Phrase grounding data:
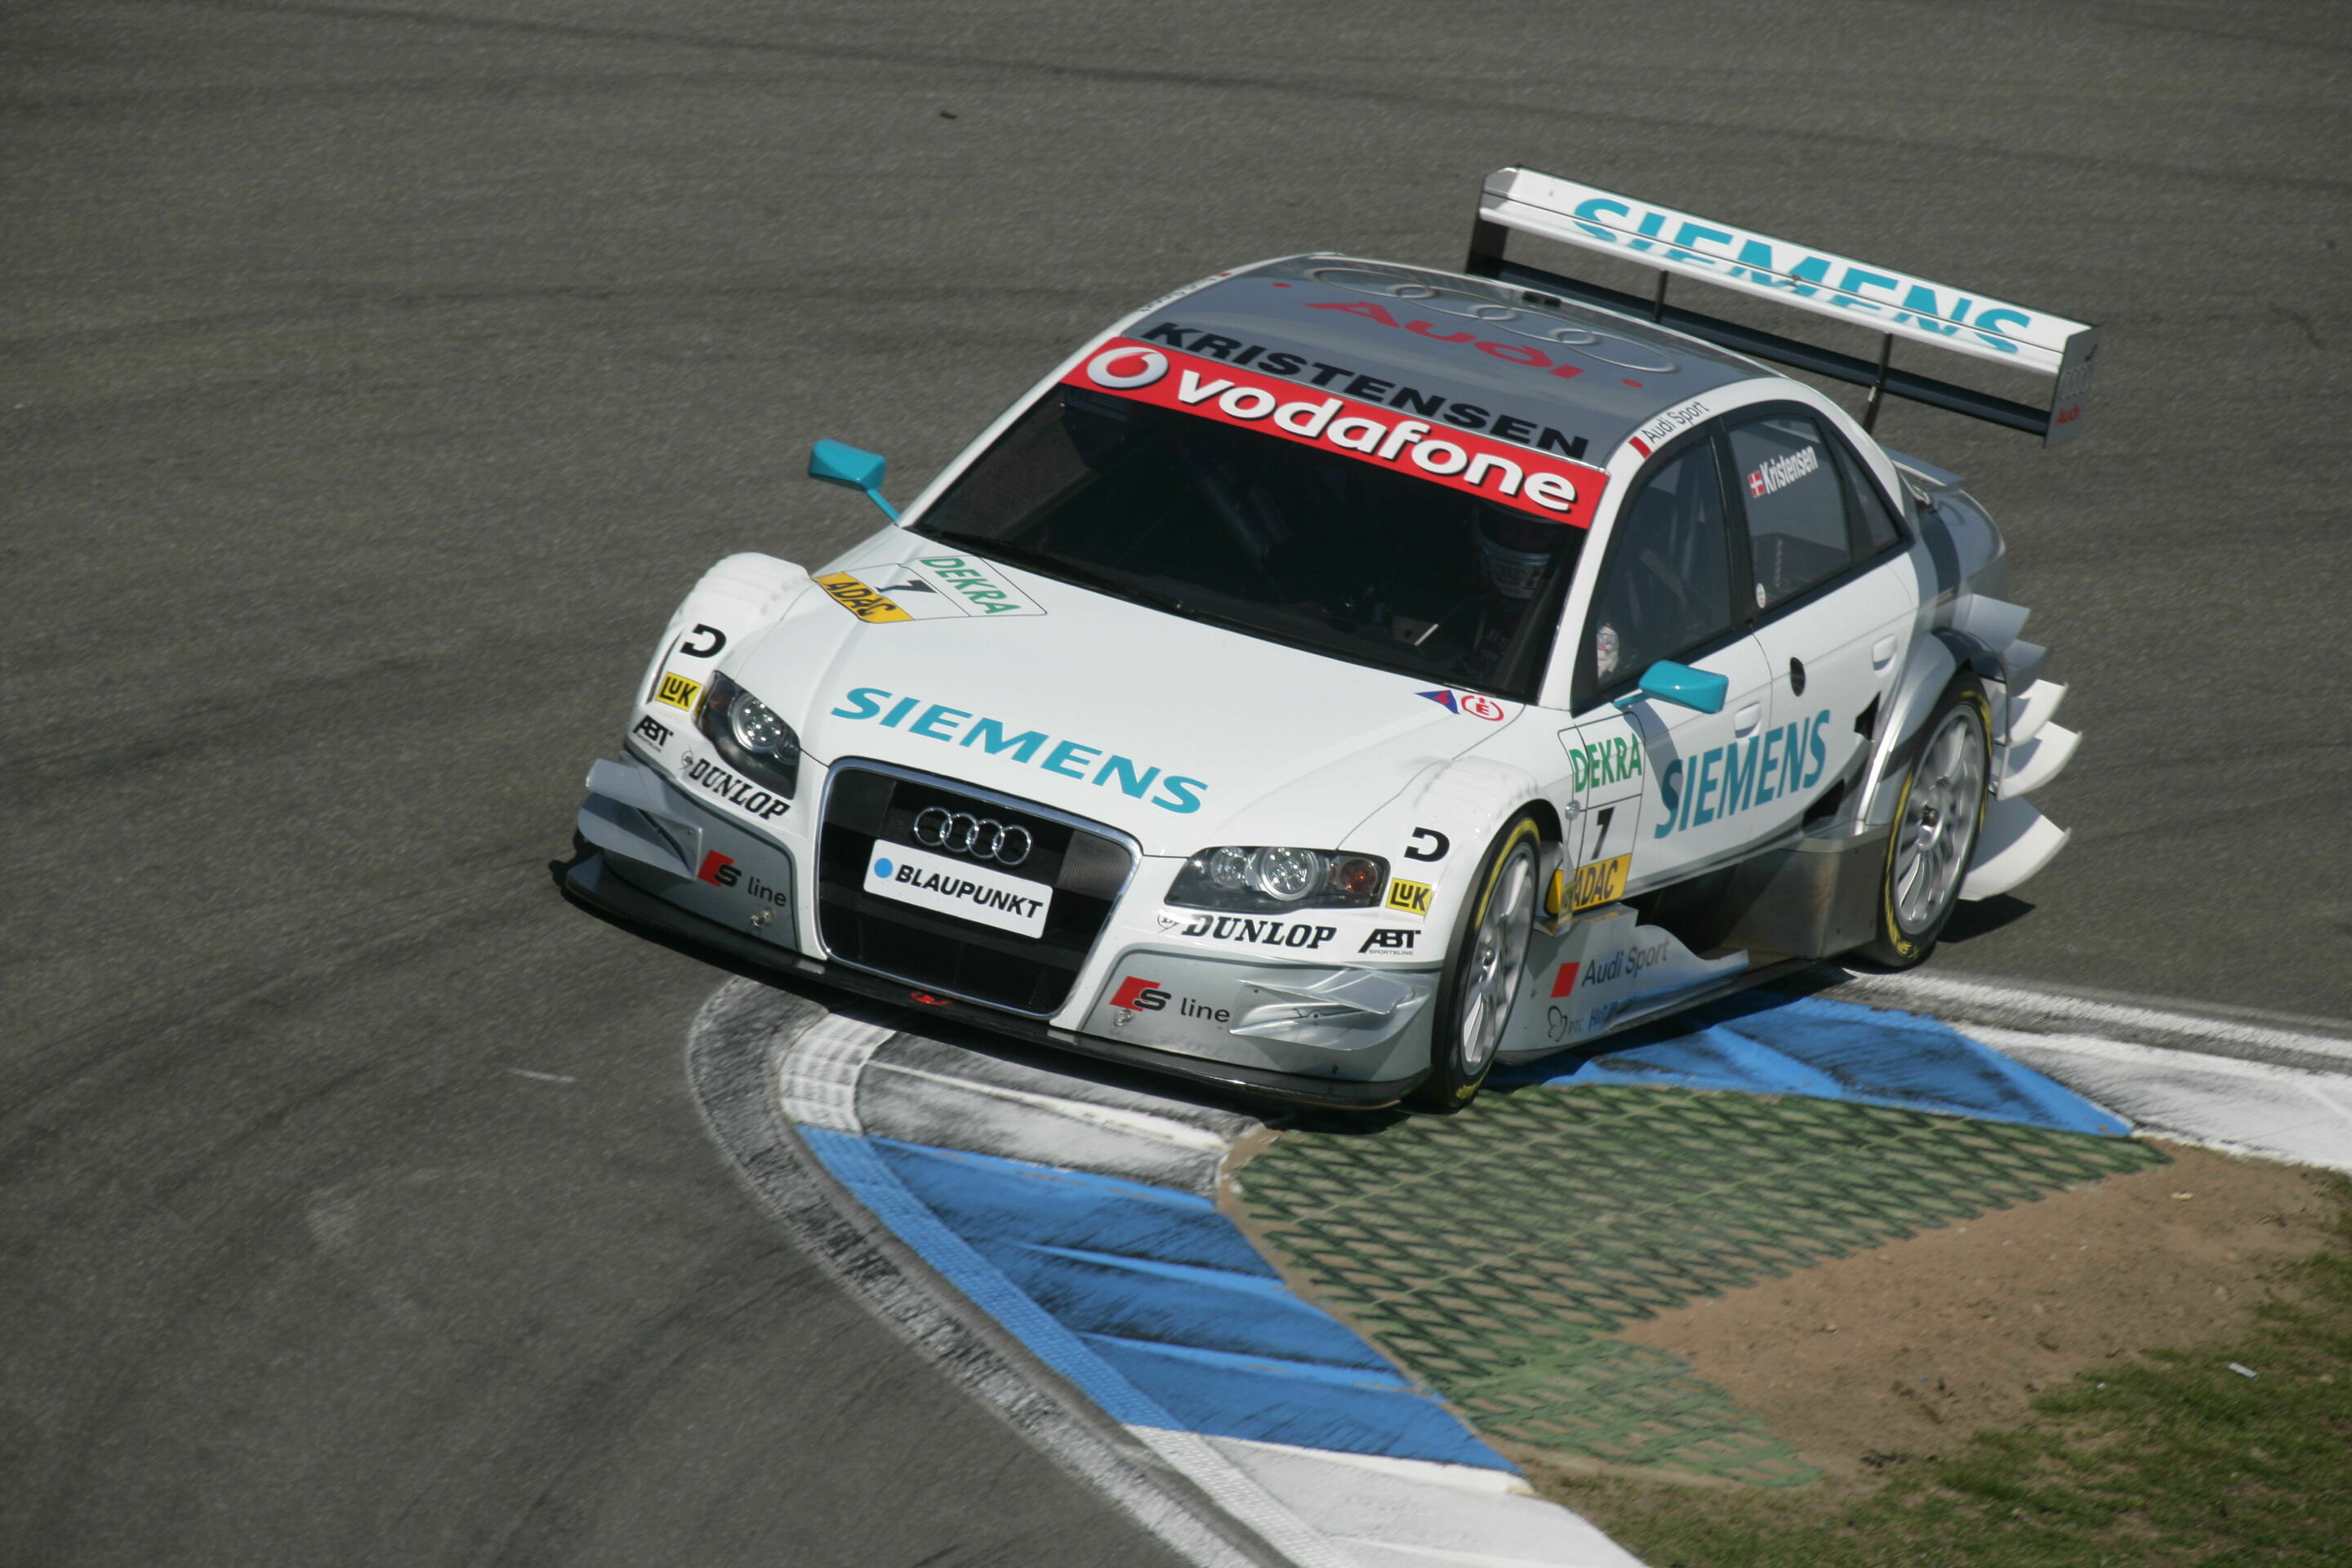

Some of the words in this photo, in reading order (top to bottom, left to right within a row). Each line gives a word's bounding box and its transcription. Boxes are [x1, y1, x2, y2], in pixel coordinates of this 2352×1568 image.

[1574, 198, 2032, 354] SIEMENS
[1300, 300, 1585, 379] Audi
[1140, 322, 1589, 460] KRISTENSEN
[1177, 369, 1577, 512] vodafone
[1642, 416, 1674, 443] Audi
[1669, 401, 1710, 426] Sport
[1760, 445, 1819, 495] Kristensen
[825, 582, 897, 617] ADAC
[875, 580, 938, 594] 7
[920, 557, 1021, 614] DEKRA
[633, 715, 674, 746] ABT
[830, 687, 1209, 813] SIEMENS
[1569, 733, 1642, 792] DEKRA
[1655, 710, 1830, 839] SIEMENS
[688, 758, 791, 820] DUNLOP
[714, 864, 742, 887] S
[747, 876, 786, 906] line
[895, 864, 1044, 920] BLAUPUNKT
[1575, 859, 1618, 907] ADAC
[1181, 914, 1338, 950] DUNLOP
[1357, 928, 1421, 954] ABT
[1581, 950, 1624, 987] Audi
[1625, 940, 1670, 978] Sport
[1133, 987, 1172, 1011] S
[1180, 997, 1231, 1023] line

◆ Aim of the task ◆
What is needed is an exact copy of the records above, with no pictures in it.

◆ Final answer ◆
Some of the words in this photo, in reading order (top to bottom, left to right within a row). Each line gives a word's bounding box and its transcription. Boxes are [x1, y1, x2, y2], in pixel coordinates of this 2352×1568 image.

[1574, 198, 2032, 354] SIEMENS
[1300, 300, 1585, 379] Audi
[1140, 322, 1589, 460] KRISTENSEN
[1177, 369, 1577, 512] vodafone
[1642, 416, 1674, 443] Audi
[1669, 401, 1710, 426] Sport
[1760, 445, 1819, 495] Kristensen
[825, 582, 897, 617] ADAC
[875, 580, 938, 594] 7
[920, 557, 1021, 614] DEKRA
[633, 715, 674, 746] ABT
[830, 687, 1209, 813] SIEMENS
[1569, 733, 1642, 792] DEKRA
[1655, 710, 1830, 839] SIEMENS
[688, 758, 791, 820] DUNLOP
[714, 864, 742, 887] S
[747, 876, 786, 906] line
[895, 864, 1044, 920] BLAUPUNKT
[1575, 859, 1618, 907] ADAC
[1181, 914, 1338, 950] DUNLOP
[1357, 928, 1421, 954] ABT
[1581, 950, 1624, 987] Audi
[1625, 940, 1670, 978] Sport
[1133, 987, 1172, 1011] S
[1180, 997, 1231, 1023] line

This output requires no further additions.